Iprovalicarb and iprodione represent two popular carboxylic acid amide-type (CAA) fungicides which have found wide spread application in the protection of various crops. However, though useful, excessive usage of these compounds could have deleterious effects on human health and environmental safety. Hence, a thorough DFT investigation of the degradation thermodynamics and mechanism for these two compounds was carried out, revealing a multi-step hydrolytic transformation process in the gas phase via overall exergonic processes where the rate limiting steps are calculated at ca. 197 and 235 kJ mol⁻¹, for iprodione and iprovalicarb, respectively. However, in aqueous media, whereas for iprodione the hydrolysis mechanism is identical to that in the gas phase, for iprovalicarb, the endergonic solution phase mechanism is different. Overall, both compounds undergo very slow hydrolysis at neutral pH but, of the two, iprodione offers the shortest residence time.

Methods

All calculations were carried out at the 6–311 + + G(d,p)/CAM-B3LYP level of theory, as implemented in the Gaussian-16 software suite. Solution phase calculations were carried out via the well-regarded C-PCM model, an implicit solvation model, known to be efficient and effective at predicting solvation effects.

Abstract Image

查看原文本刊更多论文

异丙威和异丙酮水解降解机制的DFT研究：对环境安全的影响。

背景：异丙威和异丙酮是两种常用的羧酸酰胺型（CAA）杀菌剂，在各种作物的保护中得到了广泛应用。然而，虽然有用，但过量使用这些化合物可能对人类健康和环境安全产生有害影响。因此，对这两种化合物的降解热力学和机理进行了深入的DFT研究，揭示了在气相中通过整体ergonic过程进行的多步水解转化过程，其中对异丙二酮和异丙威的限速步分别为197和235 kJ mol-1。然而，在水介质中，异丙二酮的水解机理与气相相同，而异丙威的水解机理则不同。总的来说，这两种化合物在中性pH下都能进行非常缓慢的水解，但在这两种化合物中，异丙二酮的停留时间最短。方法：所有计算均在6-311 + + G(d,p)/CAM-B3LYP理论水平上进行，并在Gaussian-16软件套件中实现。溶液相计算是通过备受推崇的C-PCM模型进行的，这是一种隐式溶剂化模型，已知在预测溶剂化效应方面是高效和有效的。

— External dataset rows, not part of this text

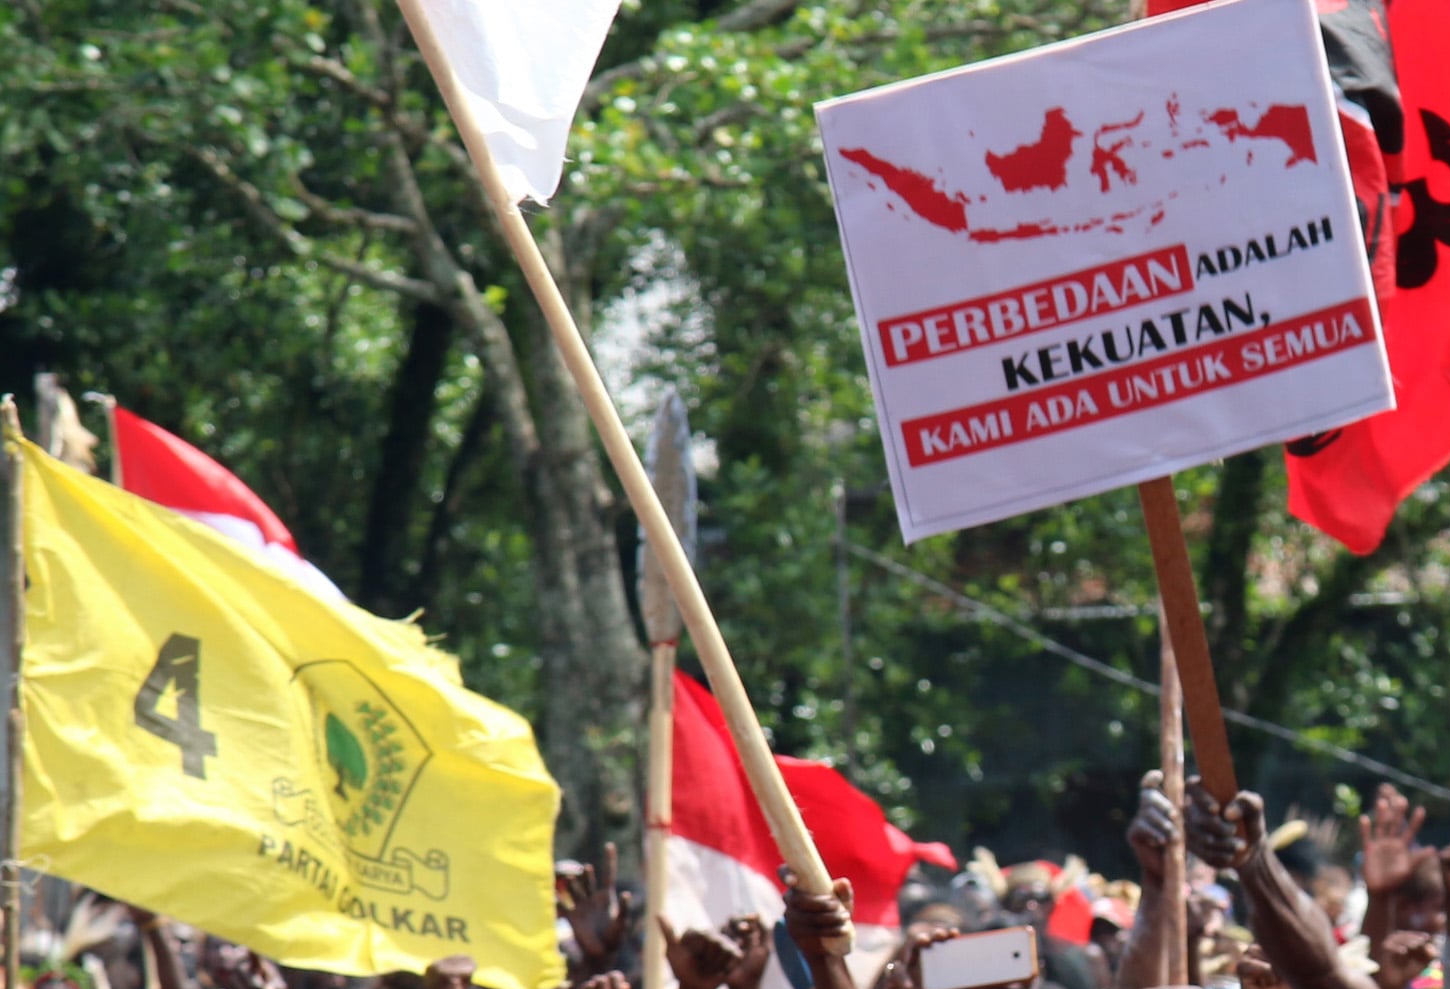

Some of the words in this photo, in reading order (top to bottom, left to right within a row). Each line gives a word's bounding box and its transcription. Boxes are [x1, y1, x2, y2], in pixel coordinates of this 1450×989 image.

[889, 255, 1182, 361] PERBEDAAN
[1195, 217, 1333, 282] ADALAH
[1001, 293, 1272, 391] KEKUATAN,
[919, 413, 1014, 456] KAMI
[1026, 388, 1098, 431] ADA
[1108, 351, 1232, 408] UNTUK
[1241, 311, 1363, 370] SEMUA
[133, 632, 218, 781] 4
[257, 833, 339, 901] PARTAI
[338, 886, 470, 944] GOLKAR
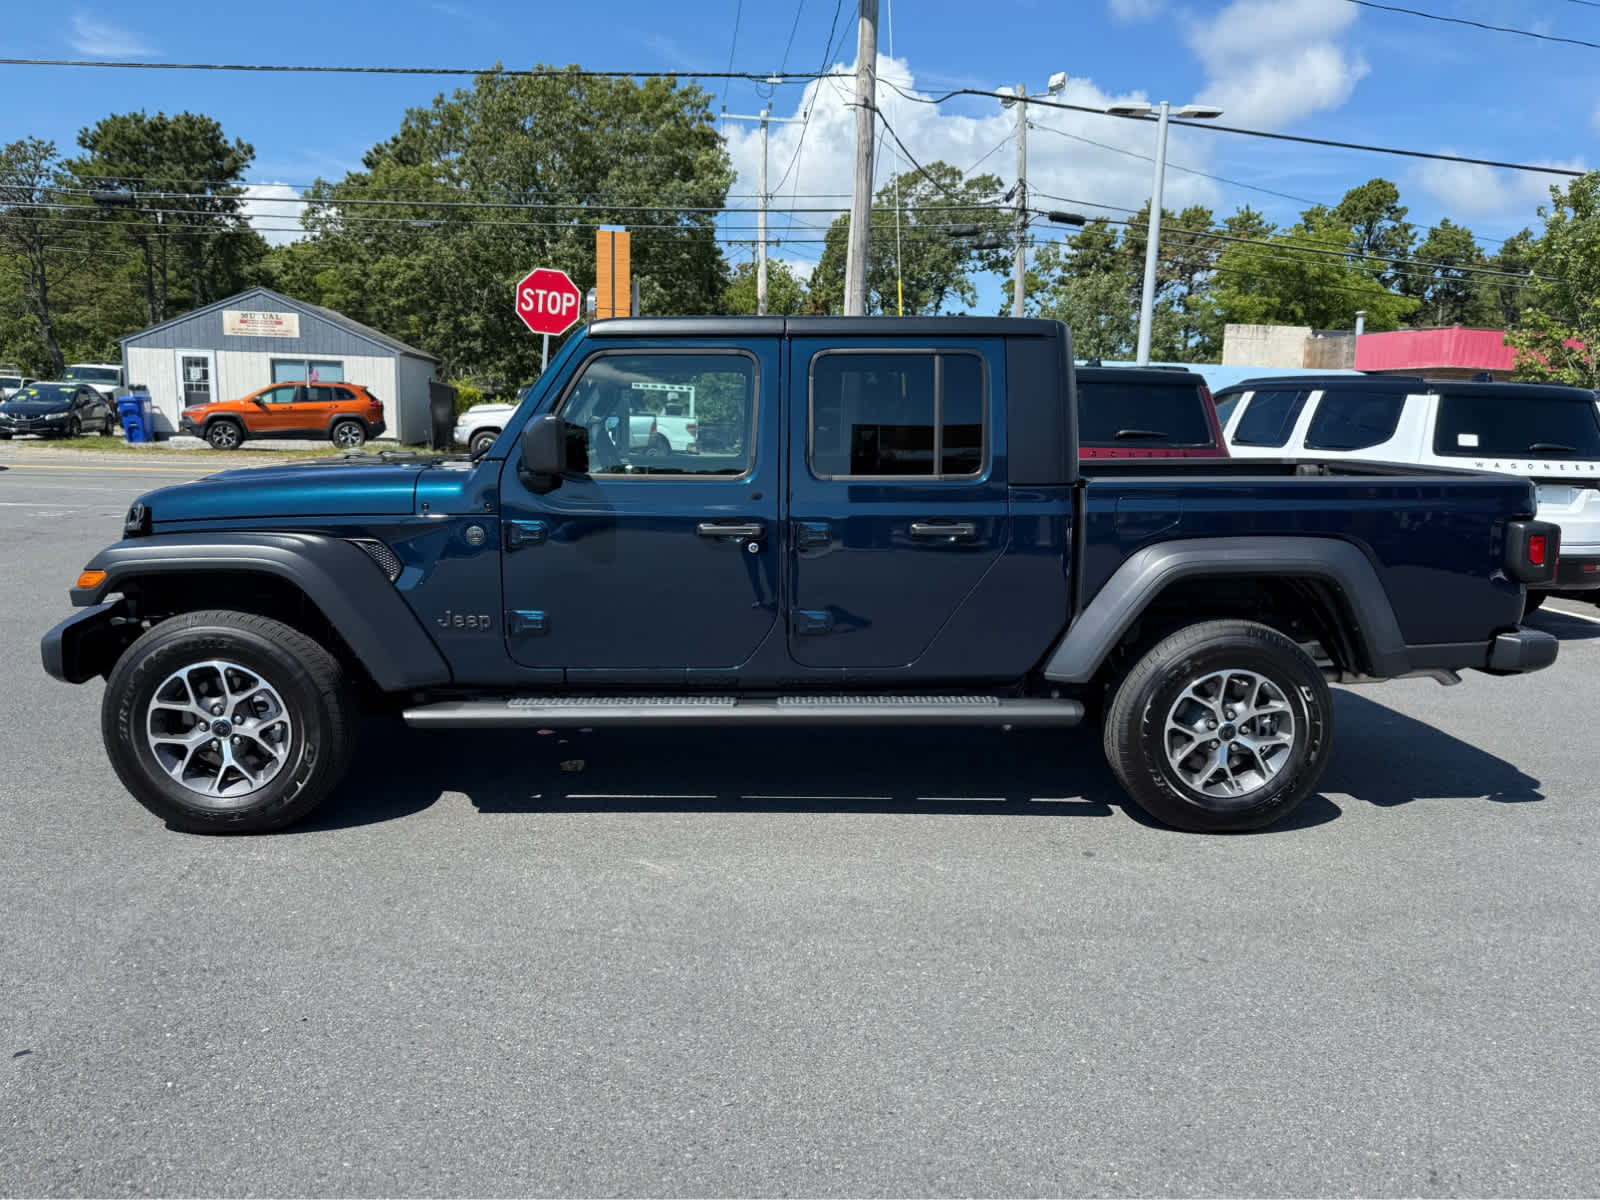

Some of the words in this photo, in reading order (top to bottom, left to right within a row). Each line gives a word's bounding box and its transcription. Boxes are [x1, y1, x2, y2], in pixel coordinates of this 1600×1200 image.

本文章由计算机程序翻译，如有差异，请以英文原文为准。

求助全文

约1分钟内获得全文求助全文

来源期刊

Journal of Molecular Modeling 化学-化学综合

CiteScore

3.50

自引率

4.50%

发文量

362

审稿时长

2.9 months

期刊介绍： The Journal of Molecular Modeling focuses on "hardcore" modeling, publishing high-quality research and reports. Founded in 1995 as a purely electronic journal, it has adapted its format to include a full-color print edition, and adjusted its aims and scope fit the fast-changing field of molecular modeling, with a particular focus on three-dimensional modeling. Today, the journal covers all aspects of molecular modeling including life science modeling; materials modeling; new methods; and computational chemistry. Topics include computer-aided molecular design; rational drug design, de novo ligand design, receptor modeling and docking; cheminformatics, data analysis, visualization and mining; computational medicinal chemistry; homology modeling; simulation of peptides, DNA and other biopolymers; quantitative structure-activity relationships (QSAR) and ADME-modeling; modeling of biological reaction mechanisms; and combined experimental and computational studies in which calculations play a major role.